Action item:
Please repeat the records word for word and skip the pictures.

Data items
Content starts

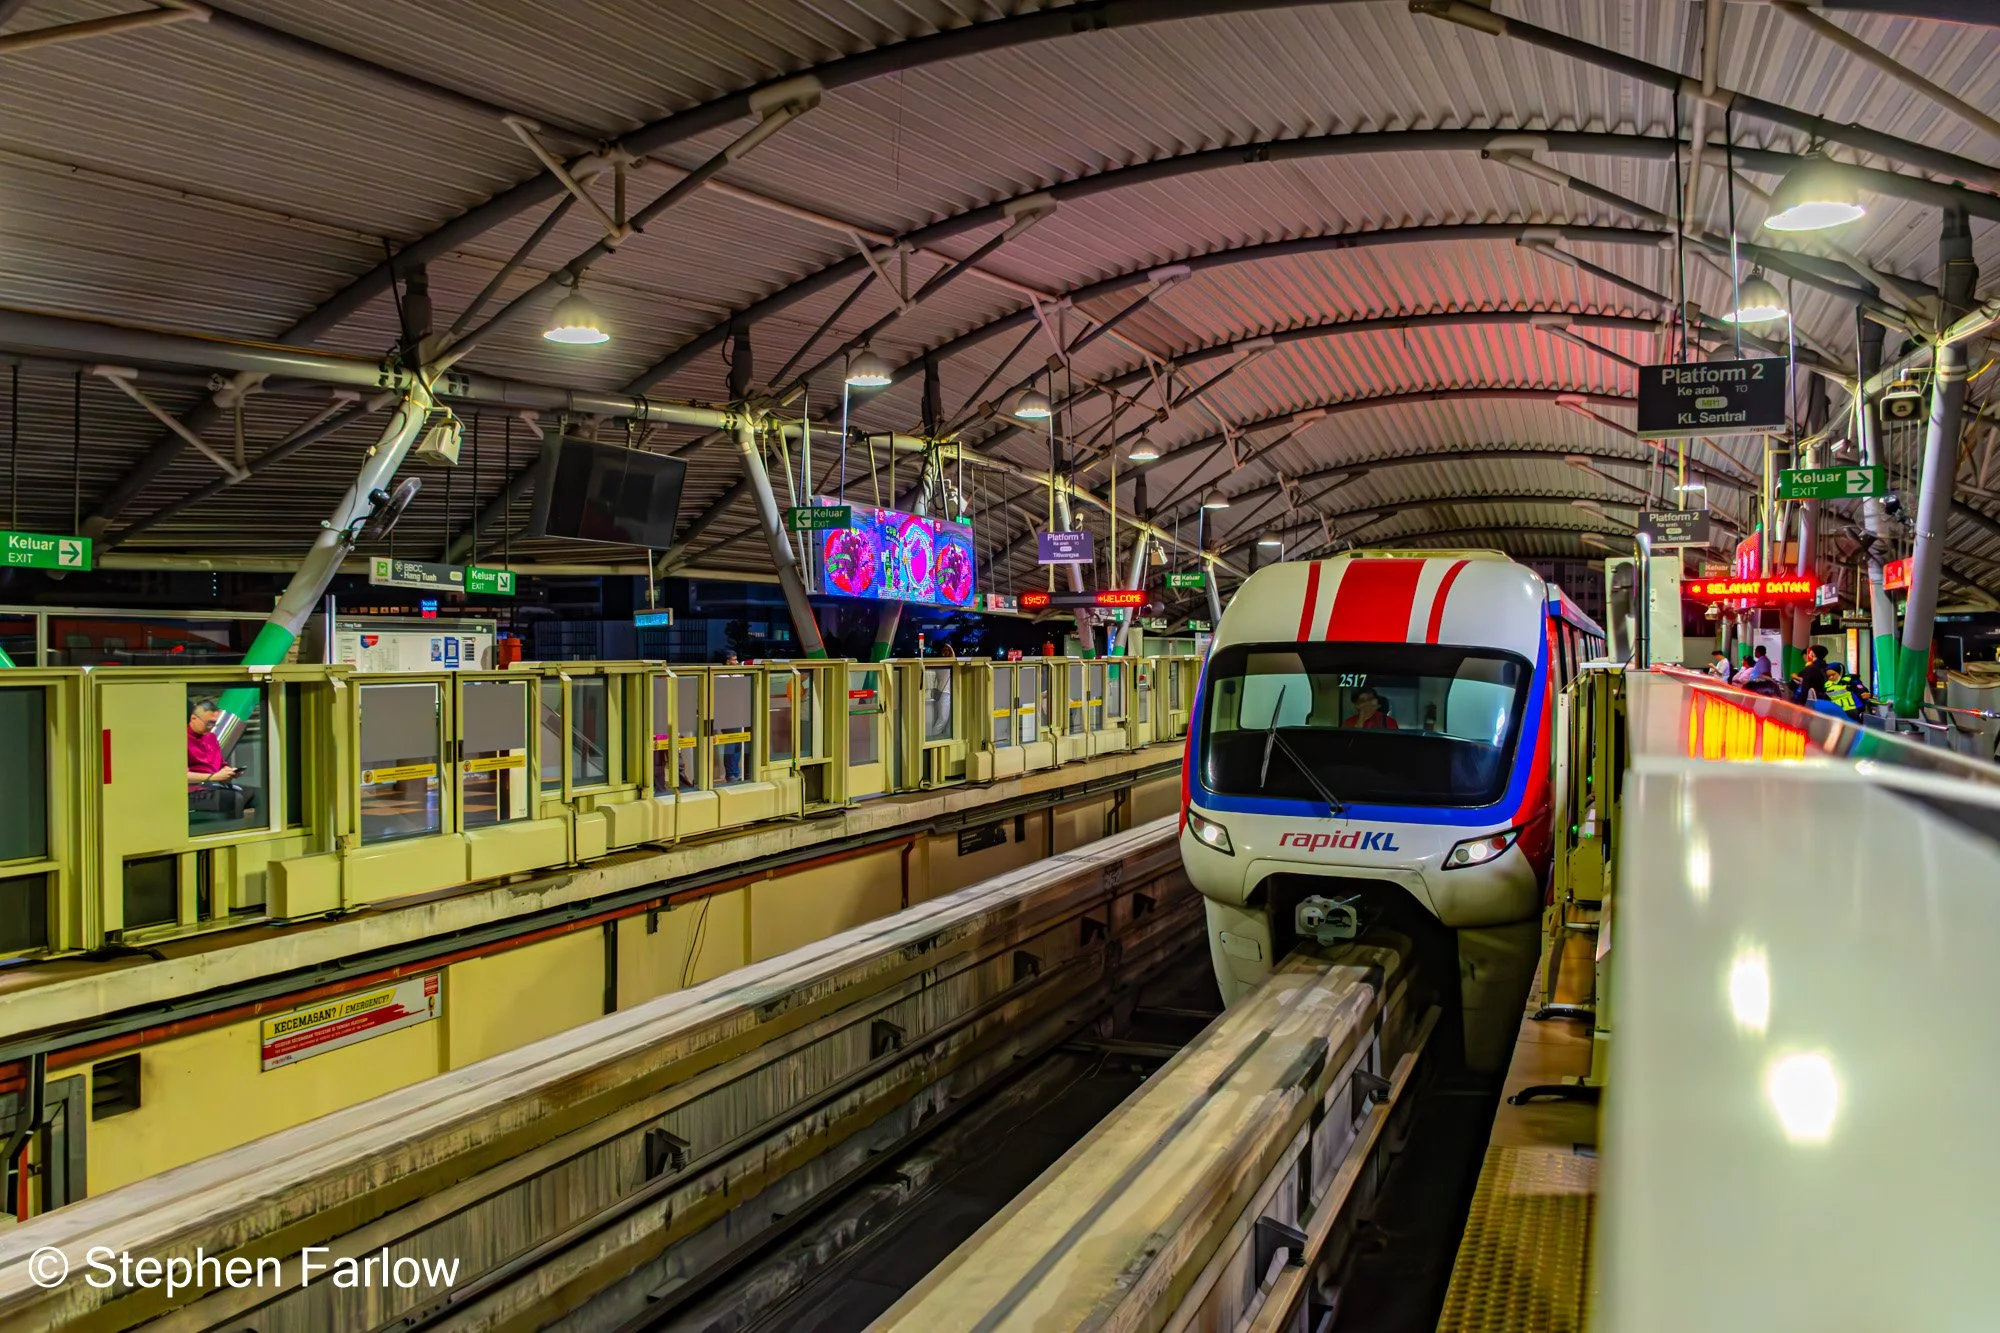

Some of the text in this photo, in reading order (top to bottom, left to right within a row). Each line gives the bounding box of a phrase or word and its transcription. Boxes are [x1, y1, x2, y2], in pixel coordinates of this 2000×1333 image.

[1661, 363, 1764, 385] Platform 2
[1677, 385, 1748, 396] Ke arah TO
[1677, 410, 1746, 424] KL Sentral
[1791, 472, 1841, 484] Keluar
[1791, 487, 1818, 497] EXIT
[813, 508, 844, 518] Keluar
[1649, 511, 1699, 522] Platform 2
[813, 520, 830, 528] EXIT
[1047, 532, 1085, 541] Platform 1
[8, 535, 55, 551] Keluar
[8, 552, 33, 563] EXIT
[403, 571, 437, 582] Hang Tuah
[471, 570, 495, 581] Keluar
[471, 582, 485, 590] EXIT
[1706, 582, 1761, 594] SELAMAT
[1024, 596, 1047, 605] 19:57
[1103, 594, 1141, 603] WELCOME
[1338, 673, 1367, 687] 2517
[1279, 830, 1400, 852] rapidKL
[274, 1007, 337, 1034] KECEMASAN?
[345, 994, 390, 1014] EMERGENCY?
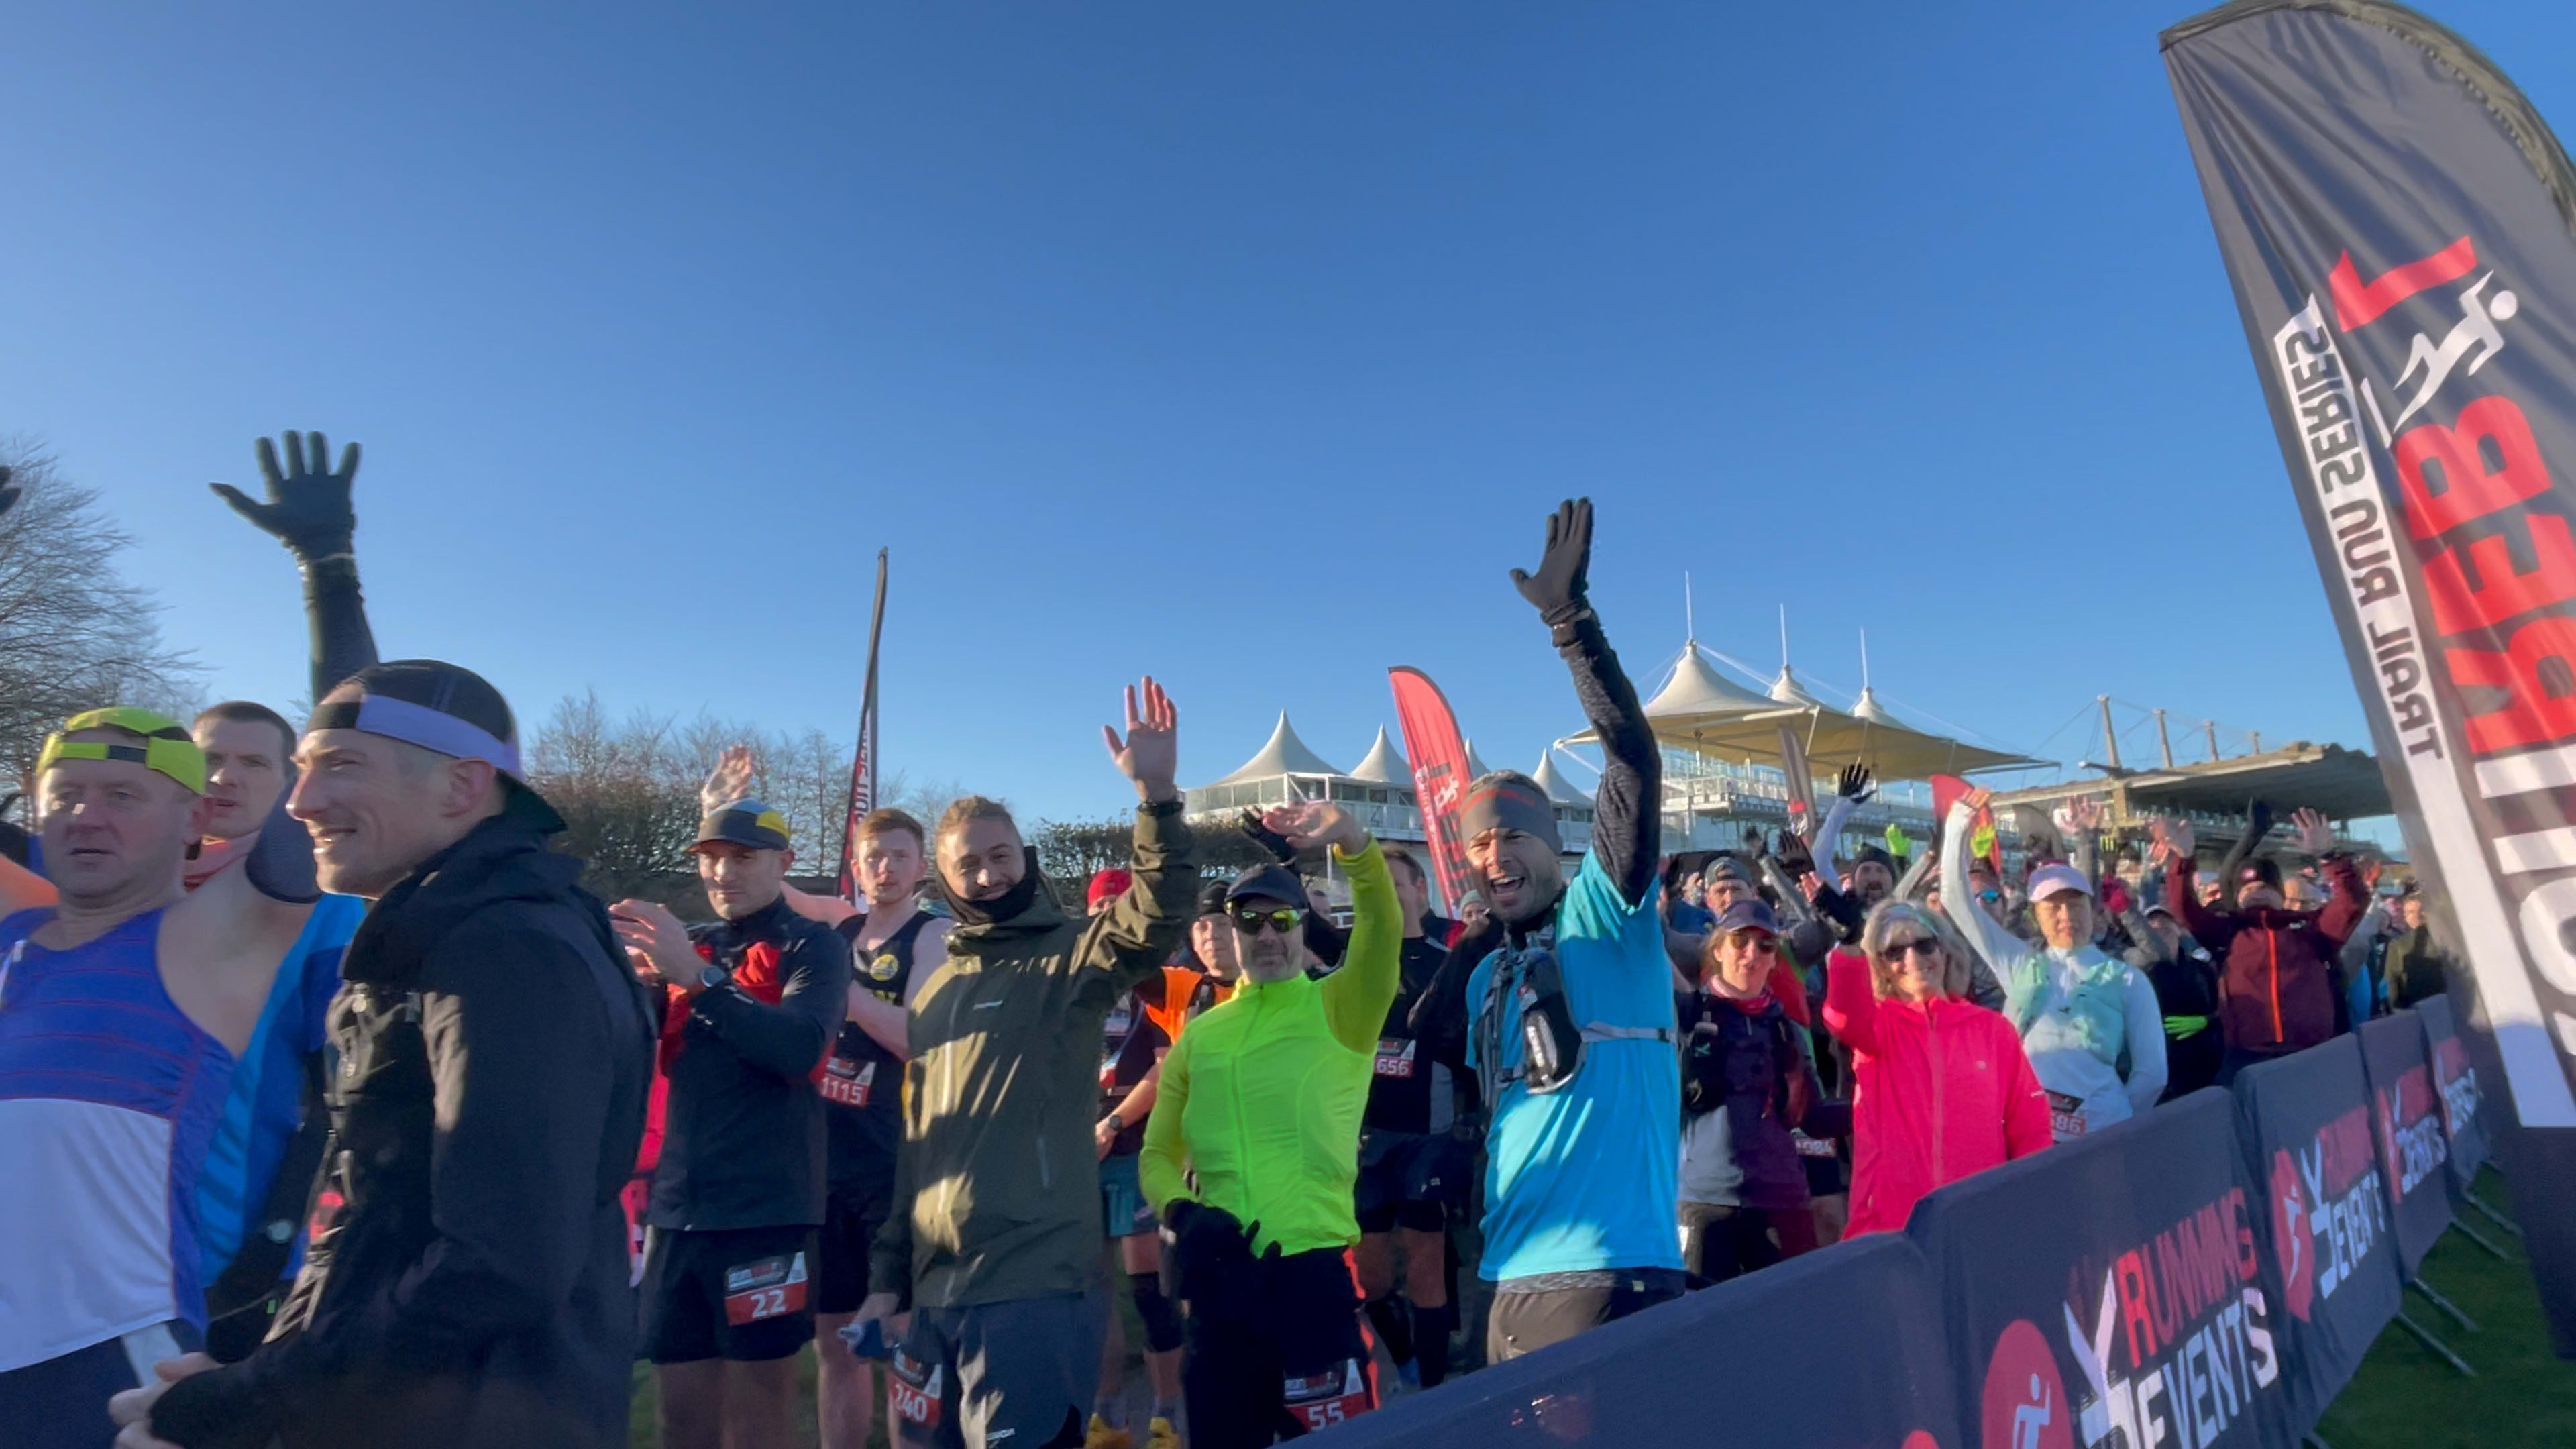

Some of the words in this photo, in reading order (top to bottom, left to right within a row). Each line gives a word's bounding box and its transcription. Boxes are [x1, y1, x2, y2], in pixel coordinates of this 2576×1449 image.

[1376, 1059, 1409, 1076] 656
[821, 1076, 864, 1105] 1115
[2051, 1114, 2082, 1135] 86
[751, 1289, 787, 1318] 22
[1308, 1401, 1346, 1431] 55
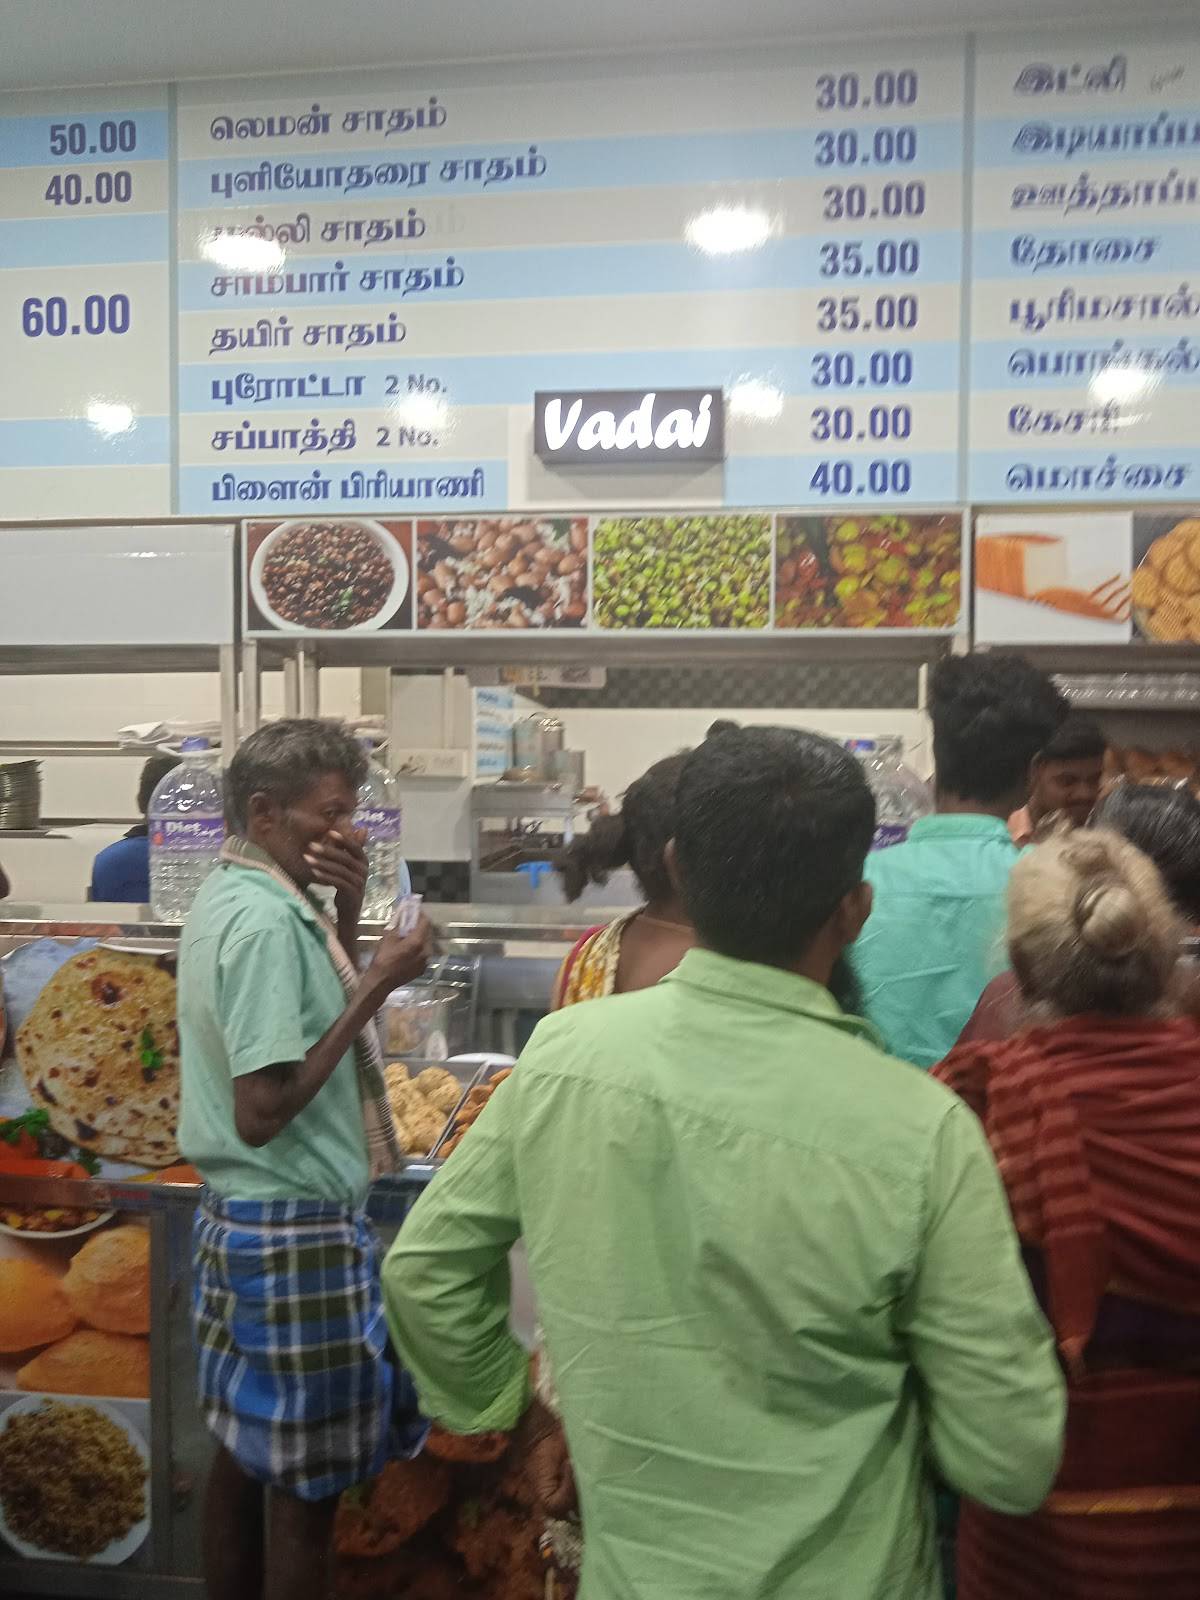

Content ends

Reply to the exercise:
Some of the text in this photo, in reading order (top to bottom, left to right within a row). Each line gives the bounding box of a phrase or word and its transcription. Boxes are [x1, y1, x2, y2], in pixel coordinates of this 2000×1333 image.

[1661, 363, 1764, 385] Platform 2
[1677, 385, 1748, 396] Ke arah TO
[1677, 410, 1746, 424] KL Sentral
[1791, 472, 1841, 484] Keluar
[1791, 487, 1818, 497] EXIT
[813, 508, 844, 518] Keluar
[1649, 511, 1699, 522] Platform 2
[813, 520, 830, 528] EXIT
[1047, 532, 1085, 541] Platform 1
[8, 535, 55, 551] Keluar
[8, 552, 33, 563] EXIT
[403, 571, 437, 582] Hang Tuah
[471, 570, 495, 581] Keluar
[471, 582, 485, 590] EXIT
[1706, 582, 1761, 594] SELAMAT
[1024, 596, 1047, 605] 19:57
[1103, 594, 1141, 603] WELCOME
[1338, 673, 1367, 687] 2517
[1279, 830, 1400, 852] rapidKL
[274, 1007, 337, 1034] KECEMASAN?
[345, 994, 390, 1014] EMERGENCY?

Some of the words in this photo, in reading order (top to bottom, left to right within a row). Each line gives a word's bounding box and its transcription. Boxes are [x1, y1, x2, y2], in pixel coordinates of this 2576×1449 image.

[1376, 1059, 1409, 1076] 656
[821, 1076, 864, 1105] 1115
[2051, 1114, 2082, 1135] 86
[751, 1289, 787, 1318] 22
[1308, 1401, 1346, 1431] 55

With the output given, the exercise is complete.